This calls for a verbatim copy of all the data, with no images carried over.
☆ ☆ ☆ ☆ ☆ ☆ ☆
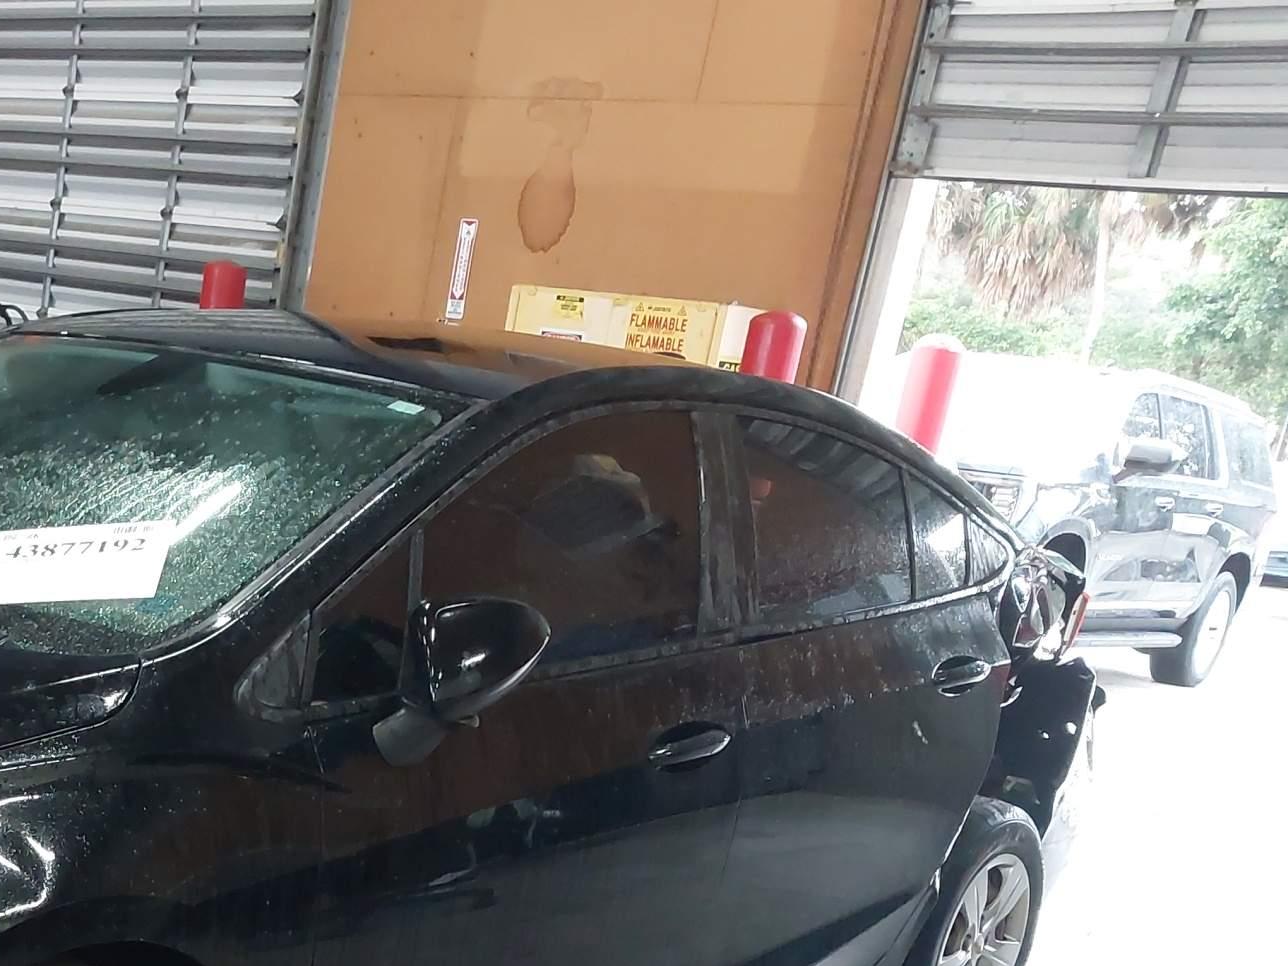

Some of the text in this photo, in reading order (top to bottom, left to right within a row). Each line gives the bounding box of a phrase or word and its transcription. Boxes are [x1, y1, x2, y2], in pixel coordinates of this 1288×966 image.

[629, 312, 689, 333] FLAMMABLE
[624, 332, 685, 353] INFLAMABLE
[4, 537, 147, 559] 43877192
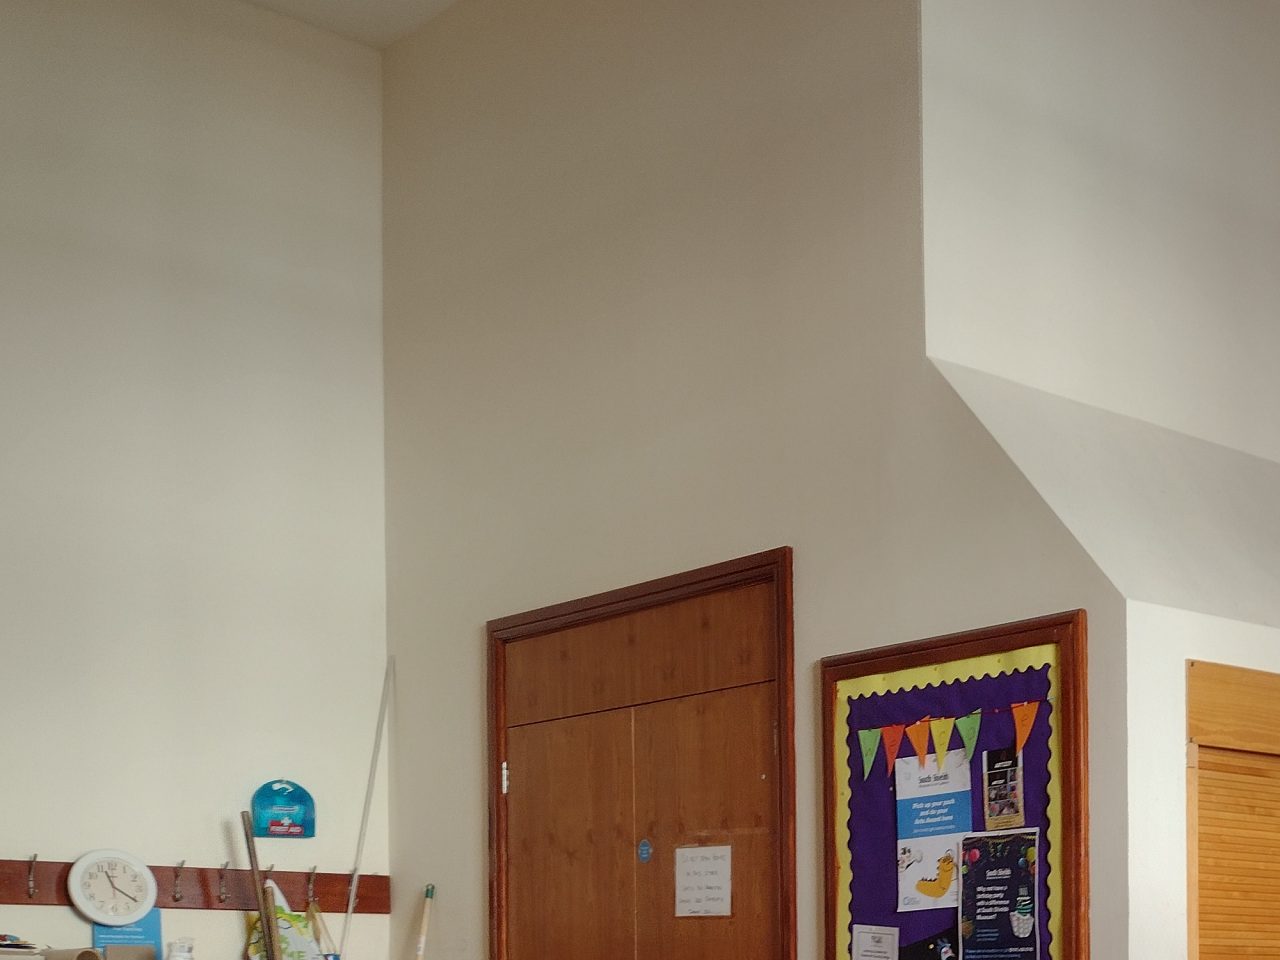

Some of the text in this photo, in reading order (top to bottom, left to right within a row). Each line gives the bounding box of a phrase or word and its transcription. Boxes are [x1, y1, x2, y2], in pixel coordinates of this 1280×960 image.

[96, 864, 104, 873] 11
[107, 862, 117, 870] 12
[88, 872, 98, 880] 10
[111, 904, 118, 912] 6
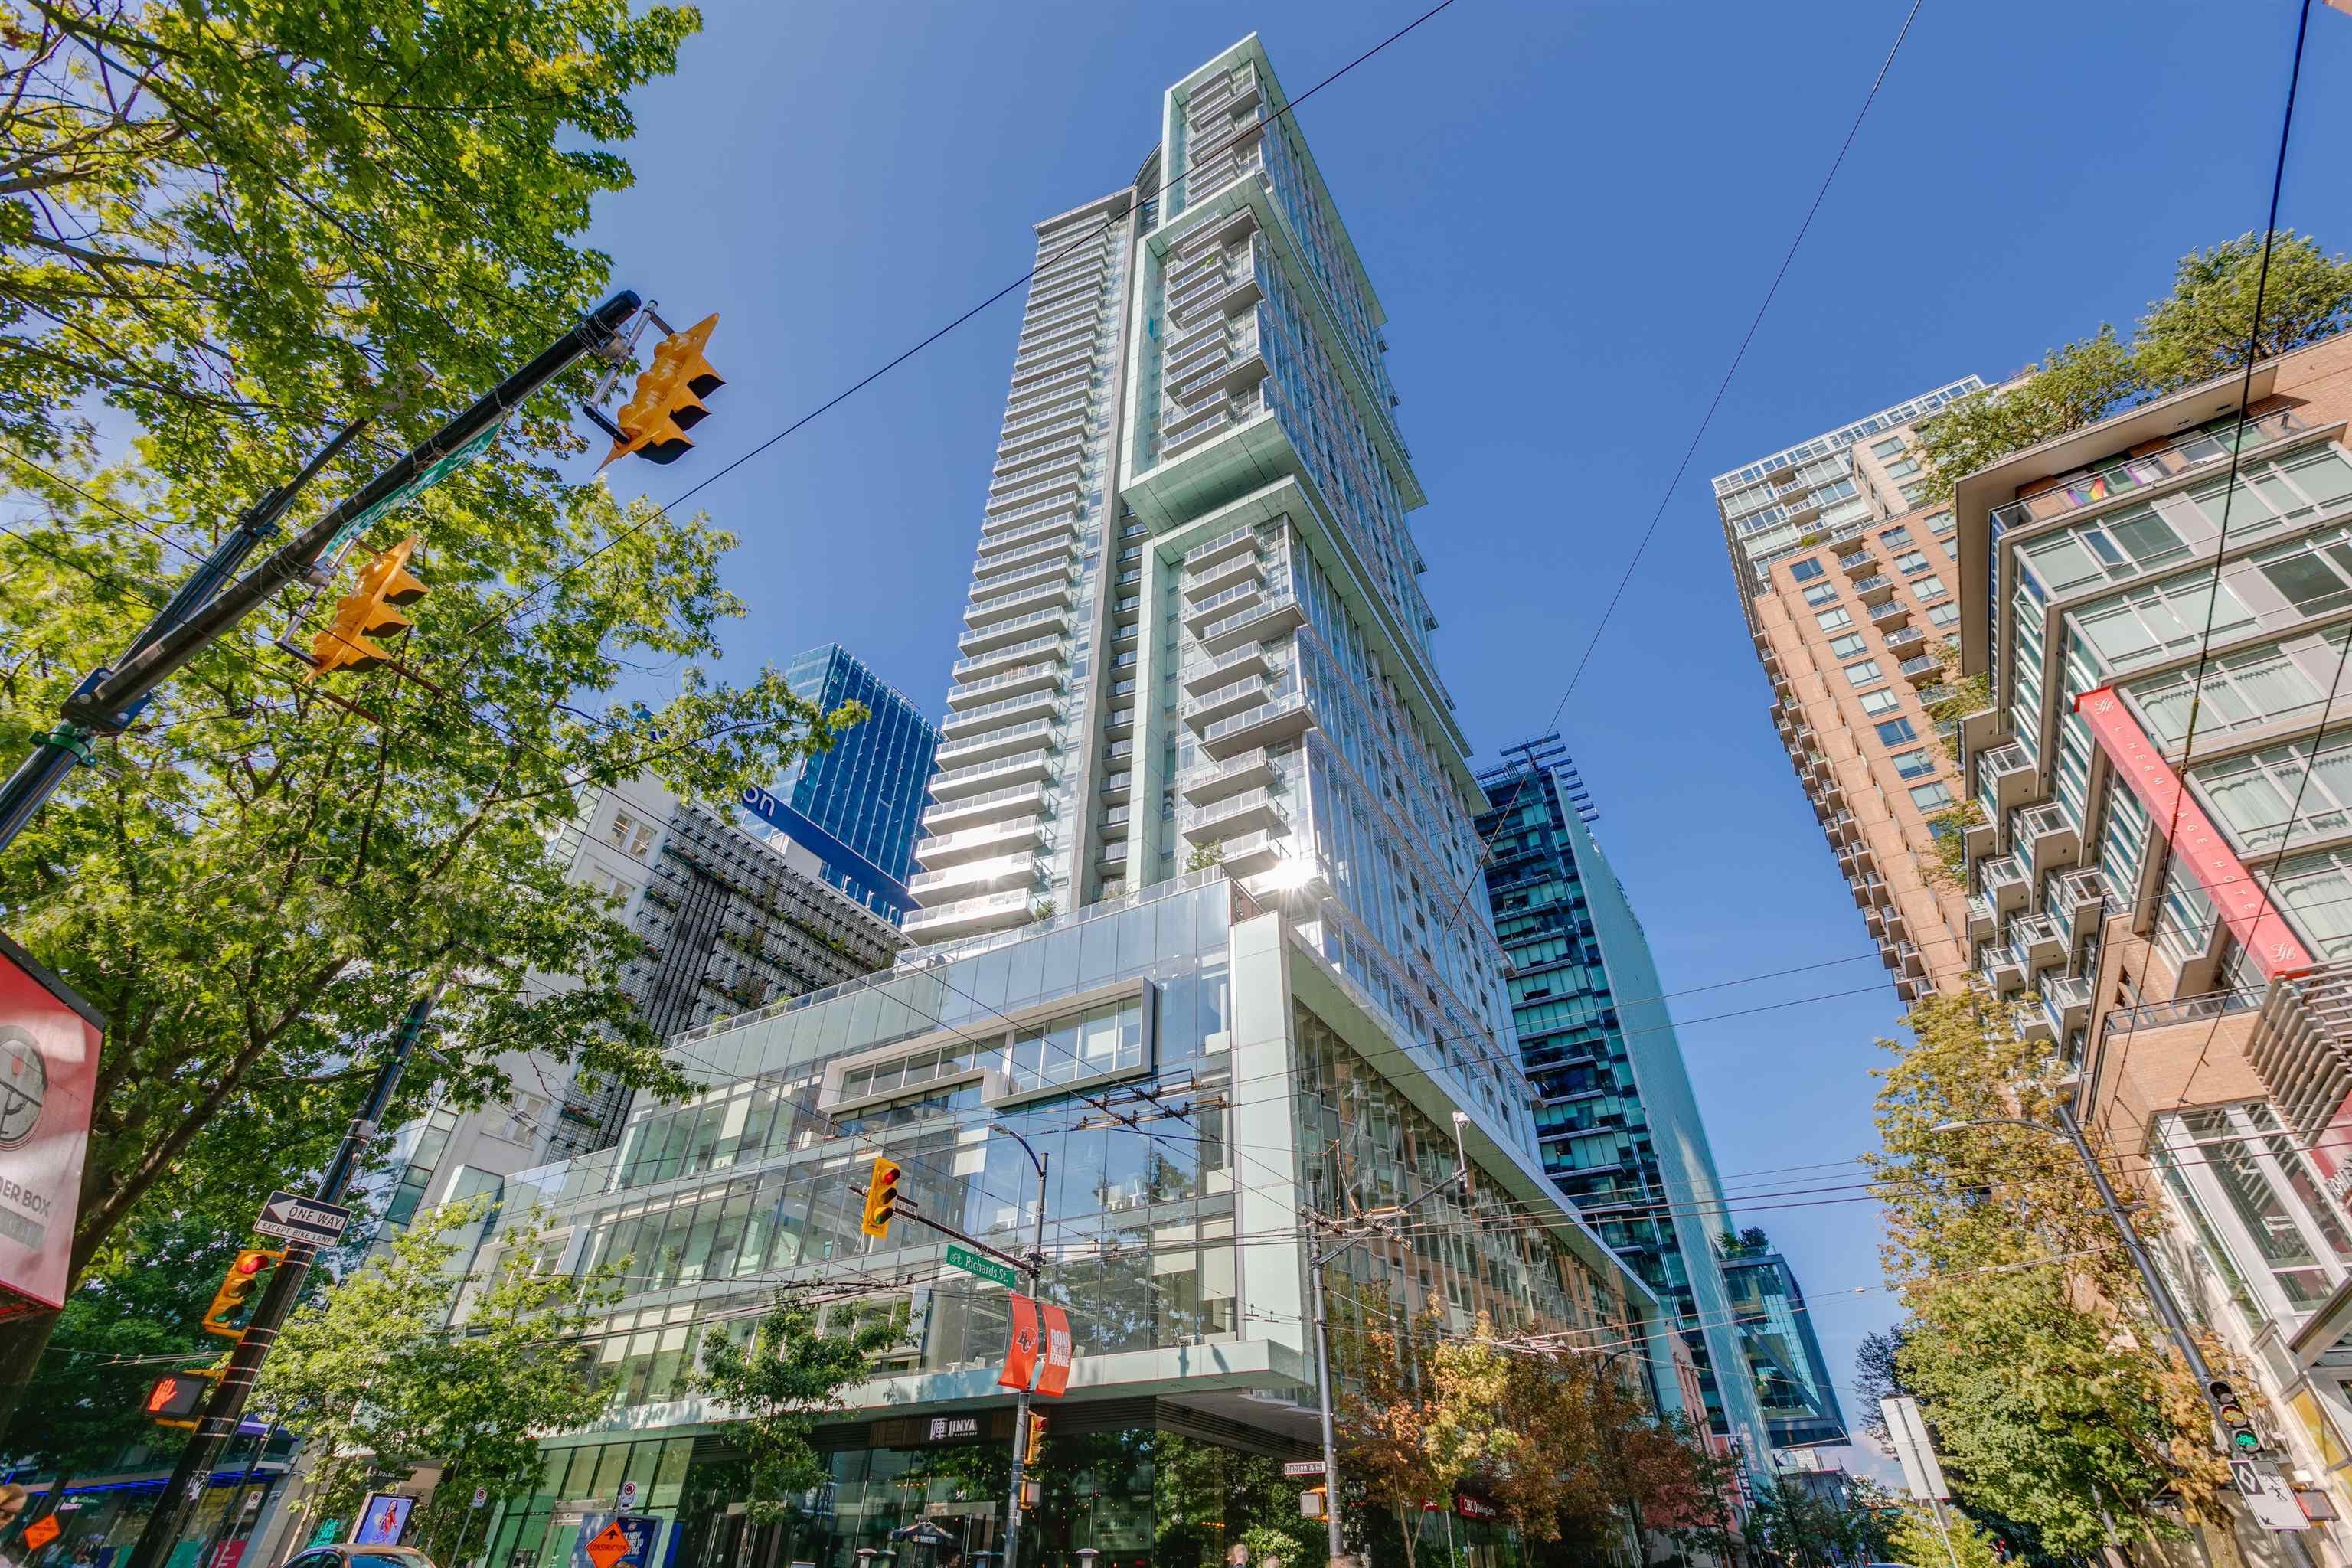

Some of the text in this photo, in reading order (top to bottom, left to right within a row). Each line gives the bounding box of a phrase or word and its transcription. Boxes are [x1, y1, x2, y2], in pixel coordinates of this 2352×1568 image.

[21, 1189, 51, 1218] BOX
[289, 1206, 343, 1228] ONE WAY
[261, 1222, 332, 1244] EXCEPT BIKE LANE
[965, 1255, 1009, 1283] Richards St.
[949, 1419, 977, 1437] JINYA
☆ ☆ ☆ ☆ ☆ ☆ ☆
## Answer to this task
Some of the text in this photo, in reading order (top to bottom, left to right within a row). Each line gives the bounding box of a phrase or word and its transcription. Boxes are [x1, y1, x2, y2], in pixel coordinates of this 1288×966 image.

[629, 312, 689, 333] FLAMMABLE
[624, 332, 685, 353] INFLAMABLE
[4, 537, 147, 559] 43877192

Some of the text in this photo, in reading order (top to bottom, left to right within a row). Each line gives the bounding box of a phrase or word and its transcription. Boxes are [x1, y1, x2, y2], in pixel coordinates of this 1280×960 image.

[96, 864, 104, 873] 11
[107, 862, 117, 870] 12
[88, 872, 98, 880] 10
[111, 904, 118, 912] 6

Some of the text in this photo, in reading order (top to bottom, left to right within a row). Each line gives the bounding box of a phrase or word and its transcription. Boxes are [x1, y1, x2, y2], in pixel coordinates of this 2352×1568 image.

[21, 1189, 51, 1218] BOX
[289, 1206, 343, 1228] ONE WAY
[261, 1222, 332, 1244] EXCEPT BIKE LANE
[965, 1255, 1009, 1283] Richards St.
[949, 1419, 977, 1437] JINYA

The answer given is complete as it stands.